Wilson Pedroso na Crusoé: O crescimento da direita e os desafios para 2026
Nos bastidores, já se fala em um governo “Dilma 3”, com perda de governabilidade, pressão fiscal, isolamento político e racha interno
O movimento da direita na América do Sul chama a atenção.
A recente eleição de Rodrigo Paz marca a retomada do espectro conservador na Bolívia após quase duas décadas. Além disso, no Chile, o candidato José Antonio Kast lidera com folga as intenções de voto no segundo turno.
Ambos se somam a um time de lideranças de direita que incluem Javier Milei na Argentina, Santiago Peña no Paraguai e Daniel Noboa no Equador; nomes que se sobressaem e levantam a bandeira do conservadorismo em meio à onda esquerdista instalada no território sul-americano.
No Brasil, a eleição de Jair Bolsonaro, em 2018, foi uma amostra clara de que o eleitor brasileiro acena para o movimento mundial da direita.
Embora sua imagem hoje esteja enfraquecida, seja pela perda das eleições em 2022 ou pela recente condenação, o ex-presidente deixa plantada no país a semente da extrema-direita; o que torna o cenário para 2026 incerto.
Os embates entre Lula e o presidente dos Estados Unidos, Donald Trump, renderam-lhe apoio popular e melhor avaliação do governo junto ao eleitorado. Foi mais uma forte demonstração do quanto a polarização ideológica está viva no Brasil.

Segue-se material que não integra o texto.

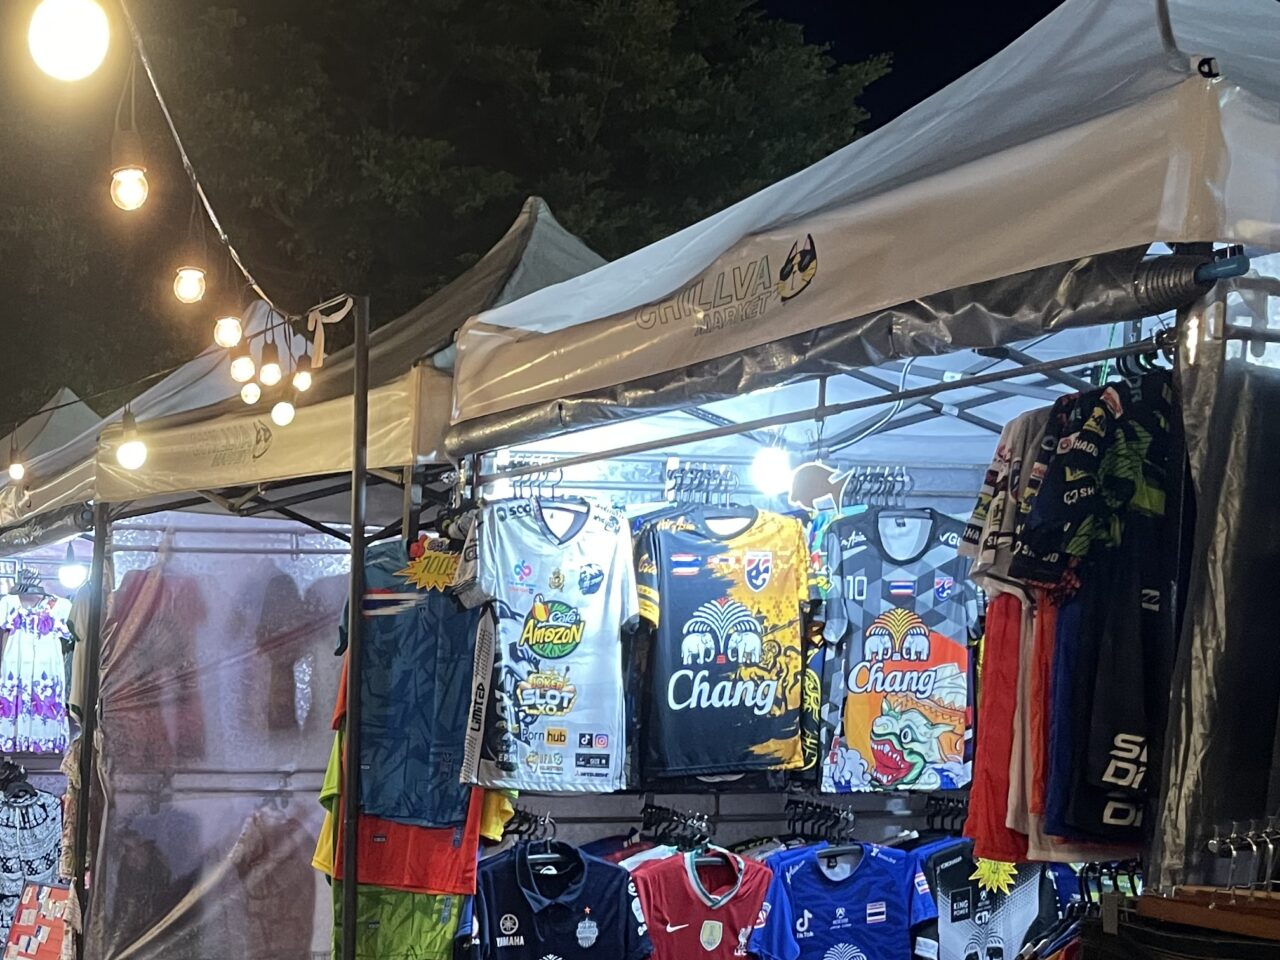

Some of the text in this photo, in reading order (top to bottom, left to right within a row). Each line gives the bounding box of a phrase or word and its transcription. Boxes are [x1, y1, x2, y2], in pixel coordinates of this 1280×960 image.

Mas o fato é que ideologia, pura e simples, não ganha eleição. E, nos últimos dias, o Palácio do Planalto viu surgir à sua frente obstáculos importantes para obter o sucesso de 2026.
São fatos que devem ser analisados de perto. A começar pela crise entre governo e Senado em torno do cancelamento da sabatina do advogado-geral da União, Jorge Messias, que pode substituir Luís Roberto Barroso no Supremo Tribunal Federal (STF).
Já na Câmara dos Deputados, os parlamentares derrubaram todos os vetos do presidente ao projeto sobre licenciamento ambiental (PL 2159/21).
Isso sem contar que a bancada do agro apresentou queixa-crime à PGR contra Lula e Lewandowski em razão do anúncio de demarcação de terras indígenas, feito durante a COP30.
Como se não fosse suficiente, o PT enfrenta diariamente manchetes que revelam conflitos internos, especialmente evidenciados pela Operação Contenção, ocorrida em 28 de outubro no Rio de Janeiro, que resultou na morte de 122 pessoas.